All my recent examples use problematic code because we are (or, rather,
I am and we should be) discussing how to deal with problematic code.

>>   std::cout << *p->get(); // crash
>>
>> The same is true for resetAndLock(), of course
> 
> No. If it was, then Reference Counting (the universal concept) would not
> work anywhere.

What I said is a fact: resetAndLock() would lead to problems similar to
those illustrated in the above resetWithoutLocking() example if
resetAndLock() were to be implemented using the do-nothing approach #3
without self-reset protection. I do not know how you got from that fact
to your "then a universal concept would not work" statement.

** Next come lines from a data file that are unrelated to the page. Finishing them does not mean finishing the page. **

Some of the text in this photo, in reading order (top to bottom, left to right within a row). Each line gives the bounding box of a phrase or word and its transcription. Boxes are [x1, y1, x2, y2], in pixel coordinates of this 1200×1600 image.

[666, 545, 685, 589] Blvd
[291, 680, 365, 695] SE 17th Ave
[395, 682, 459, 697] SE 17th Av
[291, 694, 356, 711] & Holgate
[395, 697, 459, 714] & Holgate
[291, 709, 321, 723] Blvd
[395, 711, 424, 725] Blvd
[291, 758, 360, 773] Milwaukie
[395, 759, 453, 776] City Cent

Also, a universal concept of reference counting does not define how
self-assignment and self-reset events are to be handled. For example,
std::shared_ptr::reset() specifically says that "If the object pointed
to by ptr is already owned, the function results in undefined behavior".

> resetAndLock() is the method by which regular normal reference counting
> is done. The recipient smart-pointer taking care of any +1/-1 that needs
> to happen and ordering them to ensure the pointer received stays valid.

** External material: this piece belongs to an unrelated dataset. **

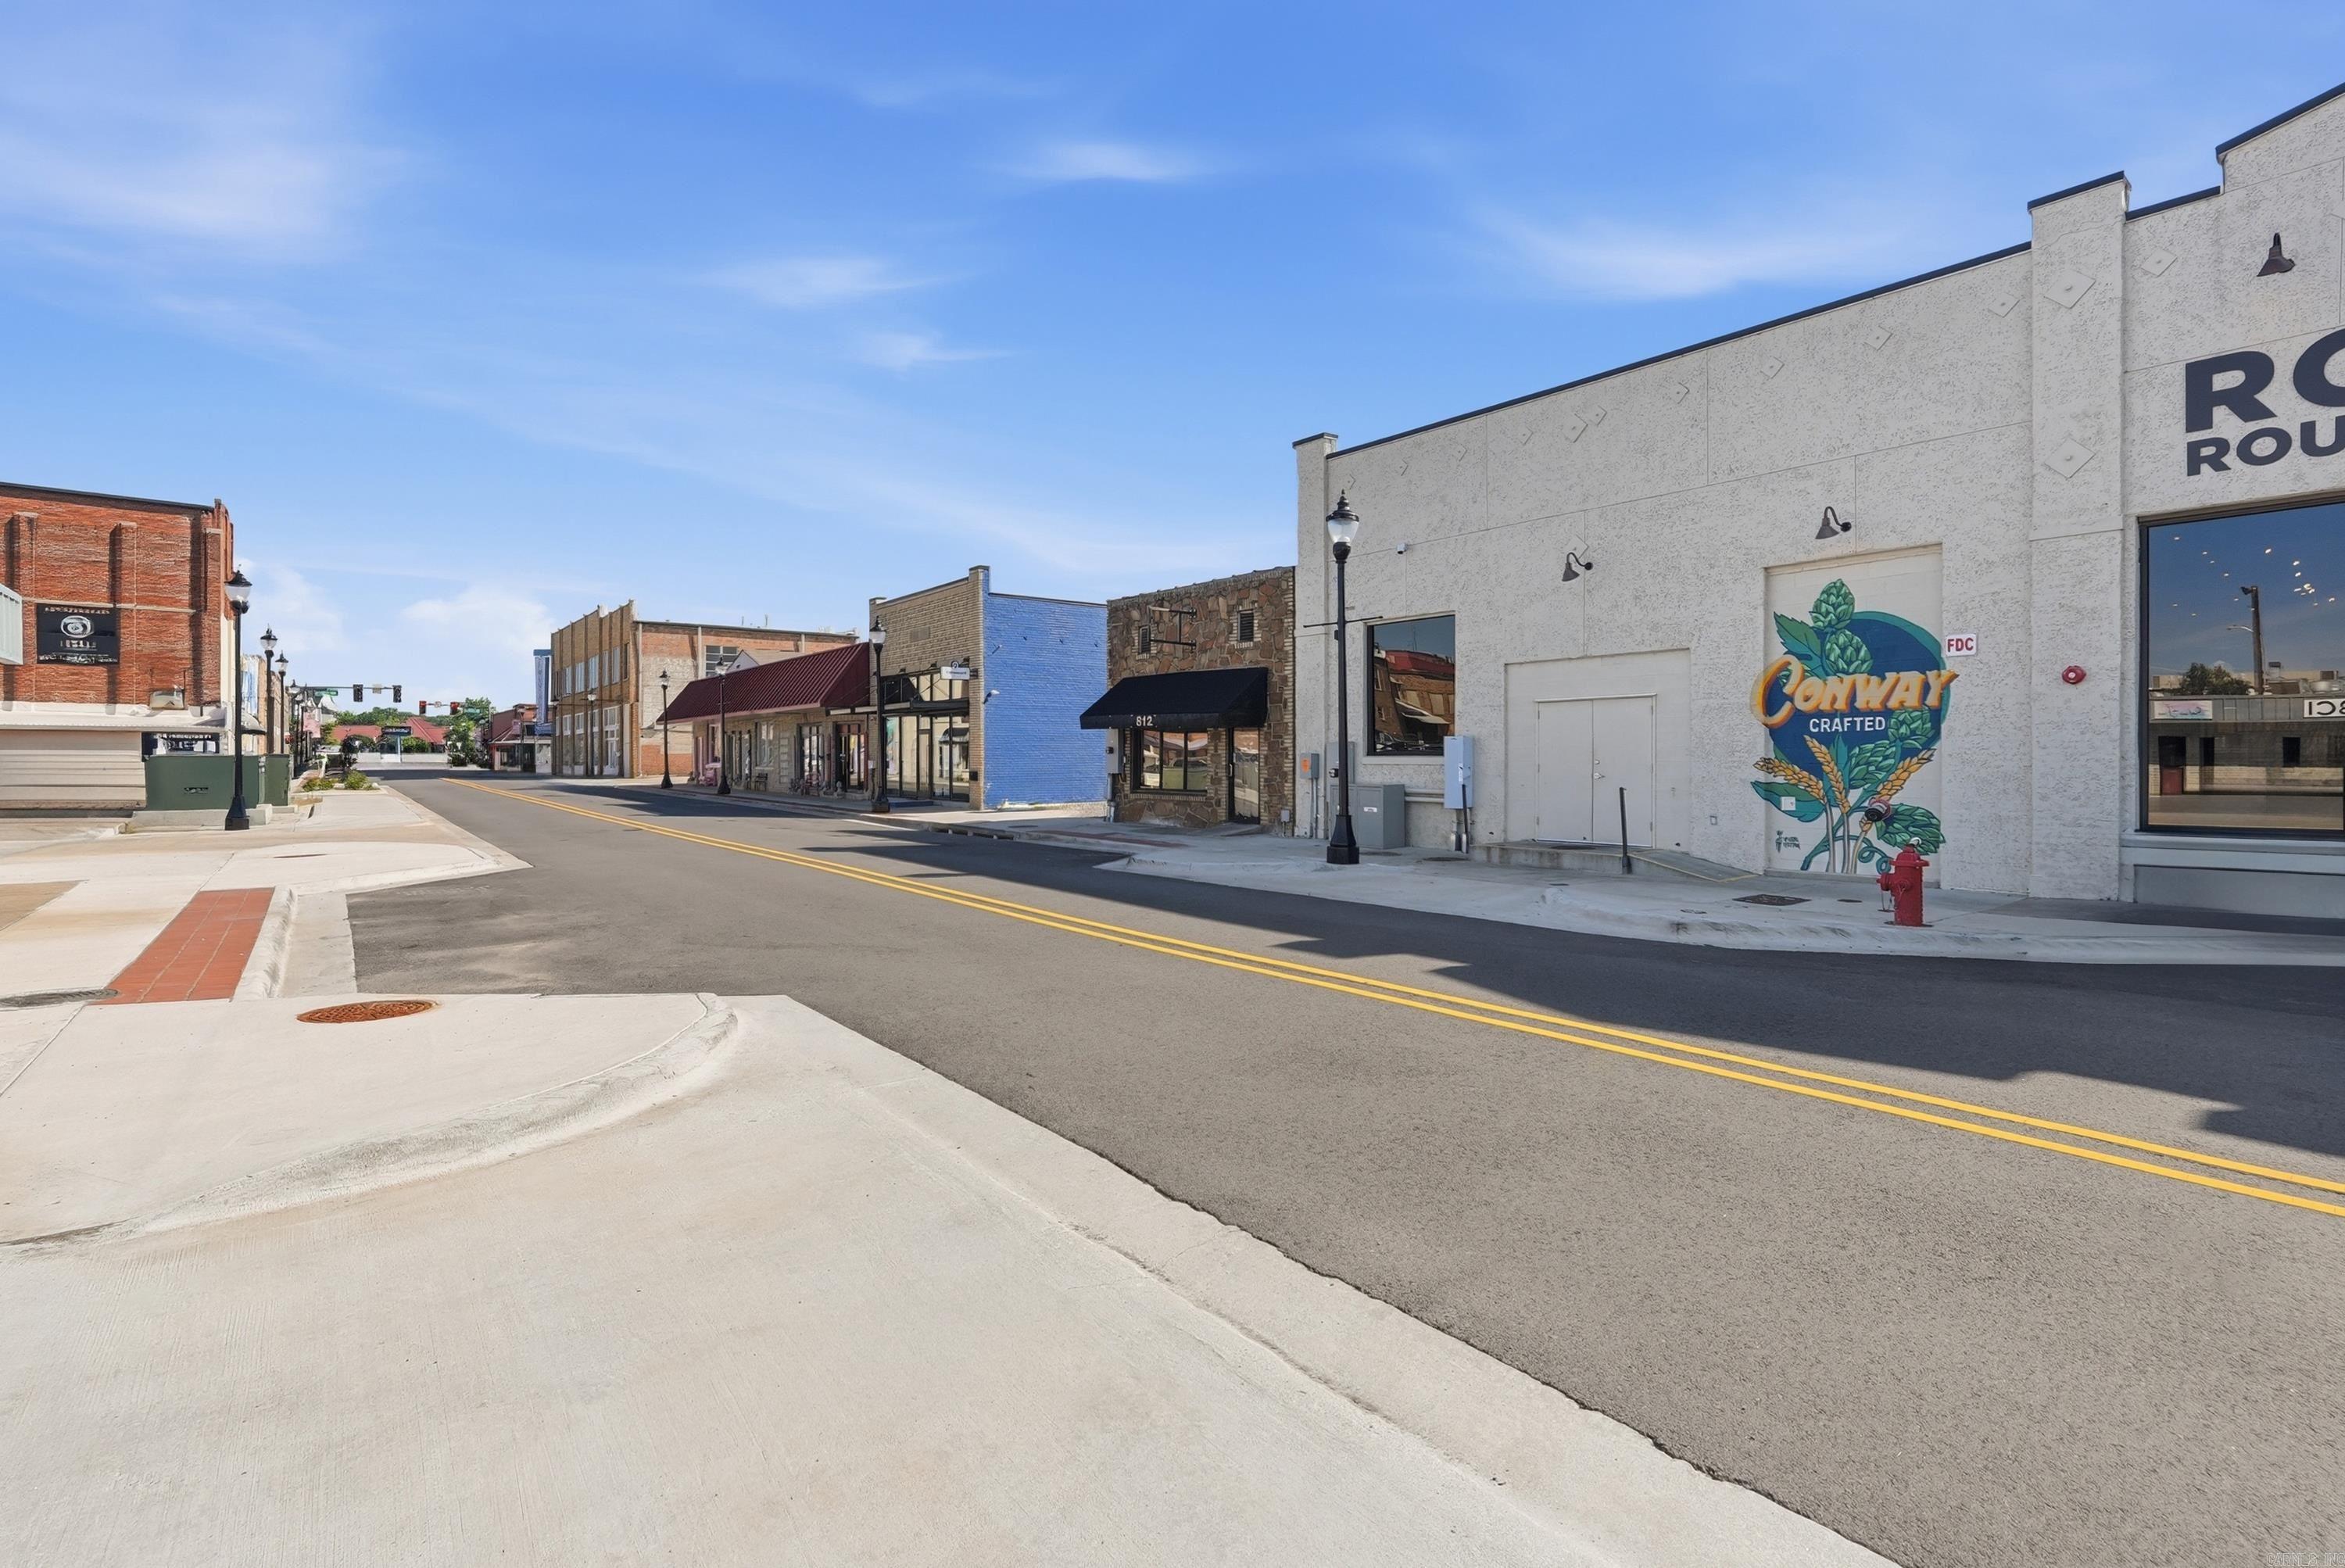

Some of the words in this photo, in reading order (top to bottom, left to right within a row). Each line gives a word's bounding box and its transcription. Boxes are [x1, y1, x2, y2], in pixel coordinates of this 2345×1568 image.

Yes. And any assignment-like method in C++, including our resetAndLock()
needs to deal with self-assignment/reset. Nothing in that method specs
can avoid the problem because the problem comes from the language
itself. The only choice we have is how to deal with that self-assignment.

> self-reset is perfectly fine IFF the caller meets the requirements I
> outlined at the top. You can't make an assert that tests that reliably.

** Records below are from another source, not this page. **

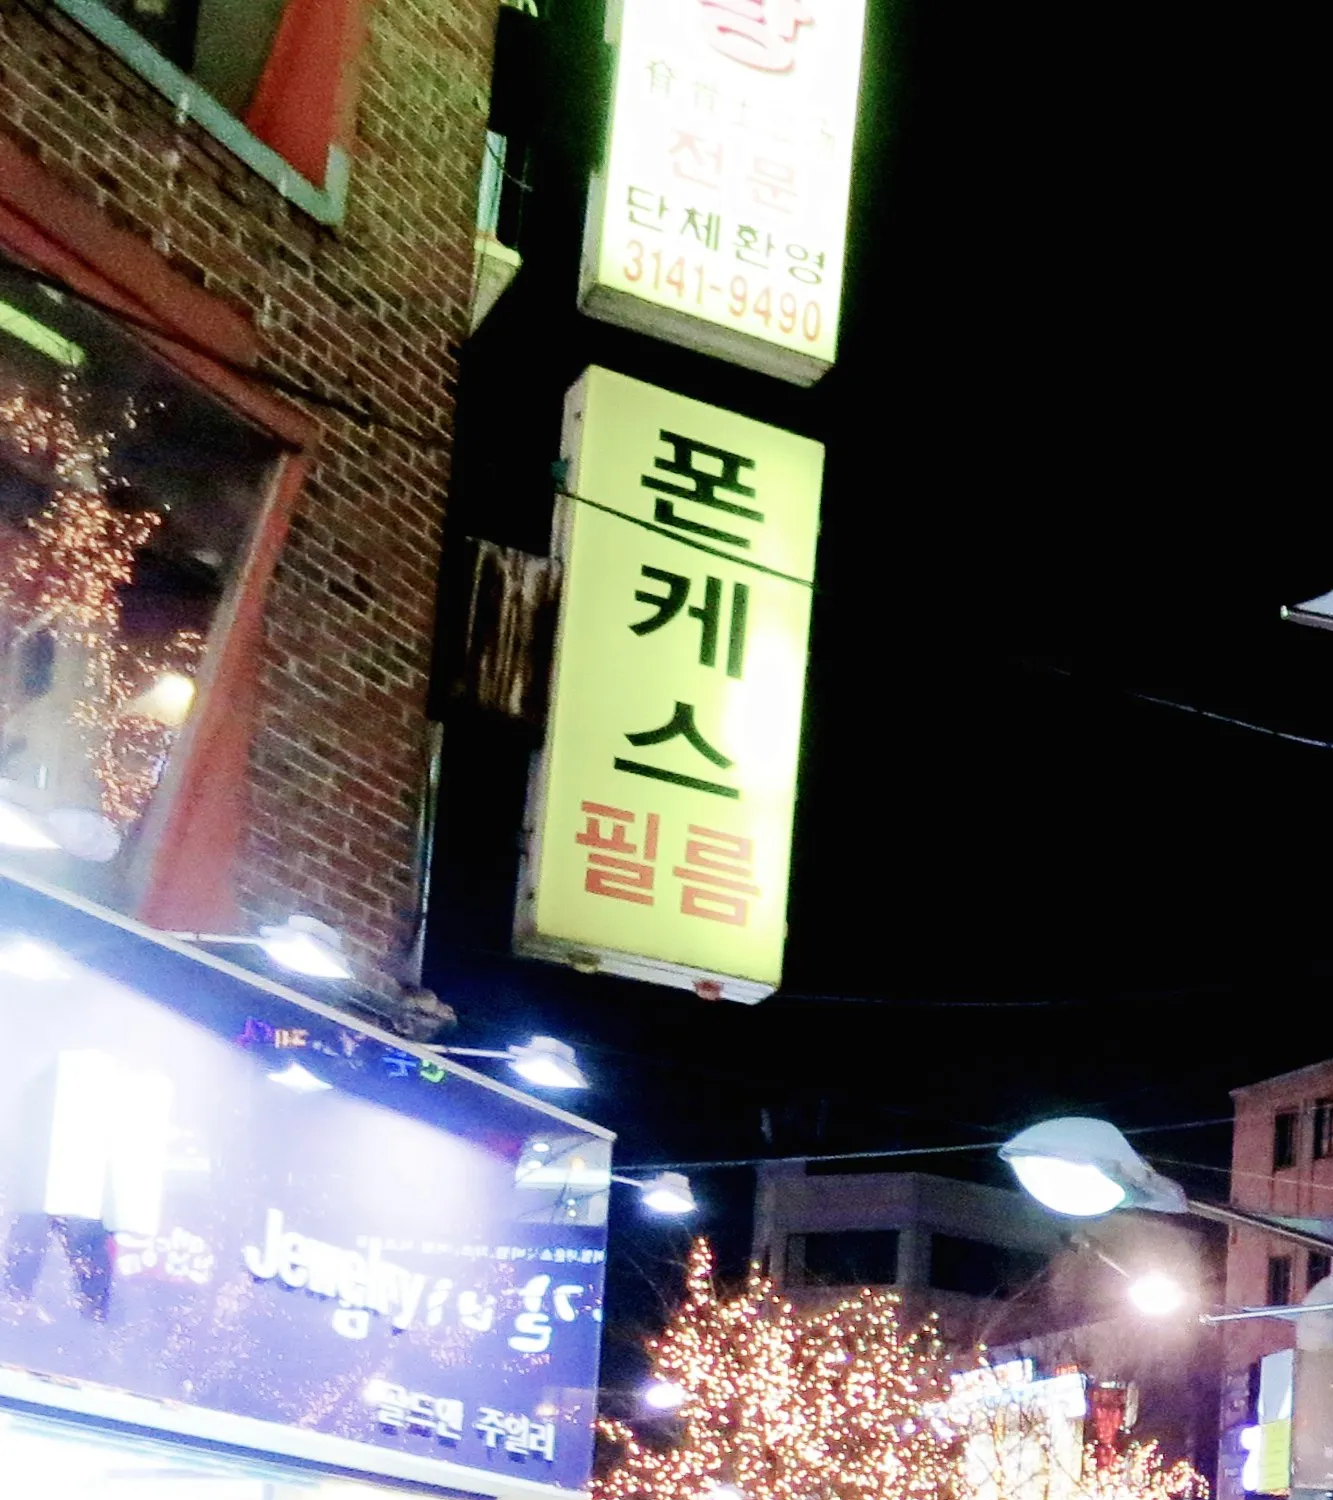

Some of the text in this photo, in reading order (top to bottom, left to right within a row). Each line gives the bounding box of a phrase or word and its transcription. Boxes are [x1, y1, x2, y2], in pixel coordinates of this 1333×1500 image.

[627, 185, 827, 285] 단체환영
[623, 239, 823, 343] 3141-9490
[574, 800, 763, 927] 필름
[244, 1208, 430, 1329] Jewelry
[473, 1405, 555, 1462] 주얼리

I agree that treating benign self-reset cases differently from
non-benign ones is impossible because the reset method cannot know which
self-reset is benign -- the code will be the same for both categories.
The definition of a benign case can be something like "if the caller
knew that this is a self-reset, it would have skipped calling the
reset() method and everything would have worked OK".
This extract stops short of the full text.